### Prompt
The listing, minus its pictures, is to be given again exactly.

*** Material shown ***

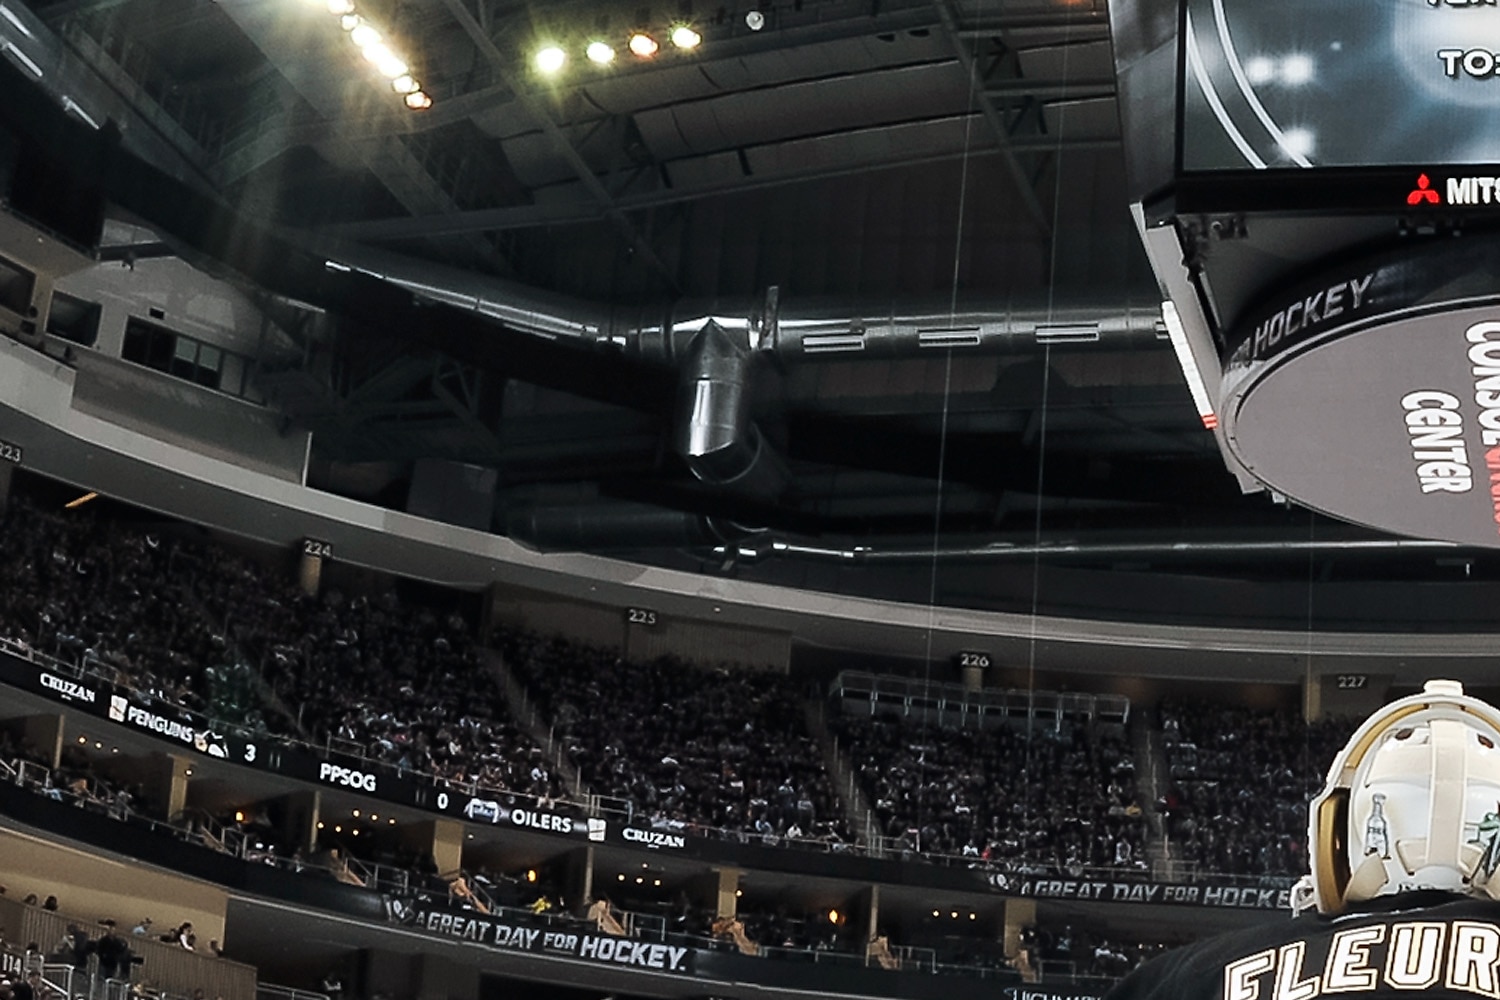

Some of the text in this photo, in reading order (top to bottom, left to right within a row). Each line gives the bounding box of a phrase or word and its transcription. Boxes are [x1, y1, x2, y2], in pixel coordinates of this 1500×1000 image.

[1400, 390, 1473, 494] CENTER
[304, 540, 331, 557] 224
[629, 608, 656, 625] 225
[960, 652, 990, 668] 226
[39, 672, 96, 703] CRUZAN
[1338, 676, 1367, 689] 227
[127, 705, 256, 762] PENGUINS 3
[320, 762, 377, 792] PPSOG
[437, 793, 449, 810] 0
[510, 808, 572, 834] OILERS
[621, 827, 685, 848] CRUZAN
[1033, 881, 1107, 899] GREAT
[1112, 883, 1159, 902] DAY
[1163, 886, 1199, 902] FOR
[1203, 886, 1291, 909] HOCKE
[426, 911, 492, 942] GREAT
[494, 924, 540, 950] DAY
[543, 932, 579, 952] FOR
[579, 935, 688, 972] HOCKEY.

*** End of Material shown ***

### Answer to this exercise
Some of the text in this photo, in reading order (top to bottom, left to right within a row). Each line gives the bounding box of a phrase or word and its transcription. Boxes are [x1, y1, x2, y2], in pixel coordinates of this 1500×1000 image.

[1400, 390, 1473, 494] CENTER
[304, 540, 331, 557] 224
[629, 608, 656, 625] 225
[960, 652, 990, 668] 226
[39, 672, 96, 703] CRUZAN
[1338, 676, 1367, 689] 227
[127, 705, 256, 762] PENGUINS 3
[320, 762, 377, 792] PPSOG
[437, 793, 449, 810] 0
[510, 808, 572, 834] OILERS
[621, 827, 685, 848] CRUZAN
[1033, 881, 1107, 899] GREAT
[1112, 883, 1159, 902] DAY
[1163, 886, 1199, 902] FOR
[1203, 886, 1291, 909] HOCKE
[426, 911, 492, 942] GREAT
[494, 924, 540, 950] DAY
[543, 932, 579, 952] FOR
[579, 935, 688, 972] HOCKEY.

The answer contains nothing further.